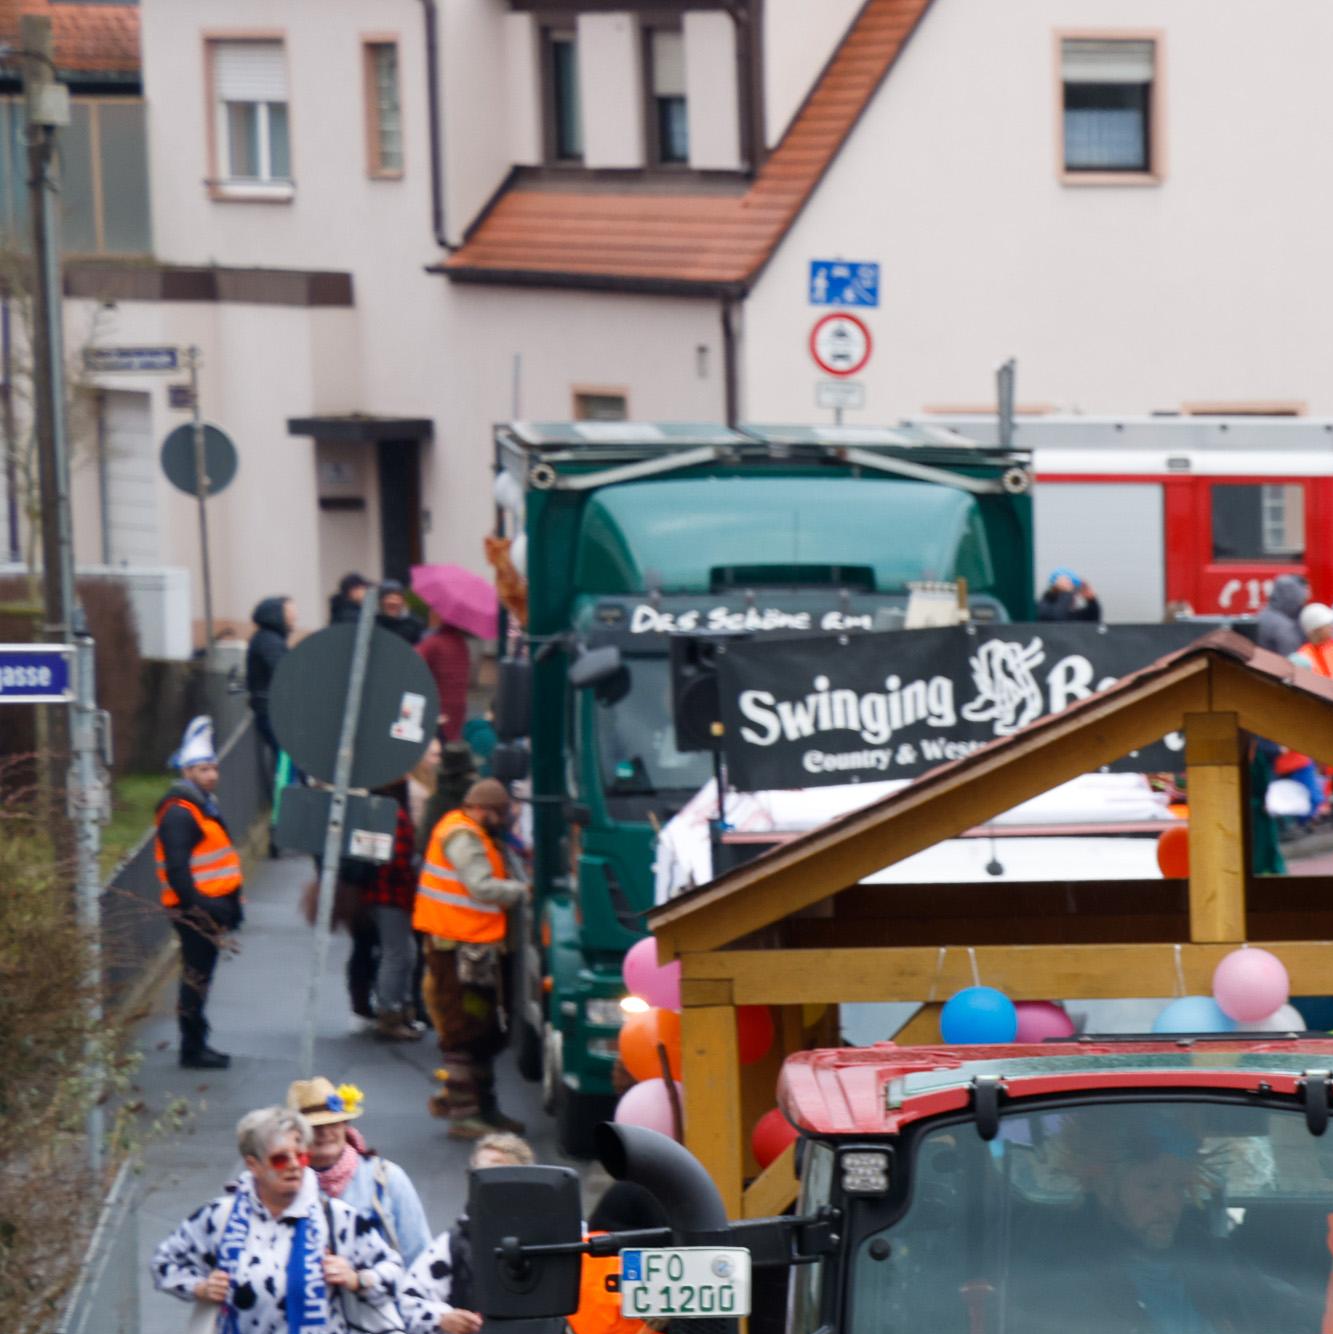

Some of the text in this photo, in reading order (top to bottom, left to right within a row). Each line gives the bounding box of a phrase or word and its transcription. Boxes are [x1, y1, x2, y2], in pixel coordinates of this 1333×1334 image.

[739, 675, 958, 746] Swinging
[803, 750, 891, 773] Country
[895, 743, 917, 765] &
[646, 1253, 684, 1281] FO
[633, 1285, 735, 1313] C 1200

● **Description of the task**:
Pictures are to be left out. Everything else in the records above gets repeated exactly.

● **Solved exercise**:
Some of the text in this photo, in reading order (top to bottom, left to right within a row). Each line gives the bounding box of a phrase or word and its transcription. Boxes are [x1, y1, x2, y2], in pixel coordinates of this 1333×1334 image.

[739, 675, 958, 746] Swinging
[803, 750, 891, 773] Country
[895, 743, 917, 765] &
[646, 1253, 684, 1281] FO
[633, 1285, 735, 1313] C 1200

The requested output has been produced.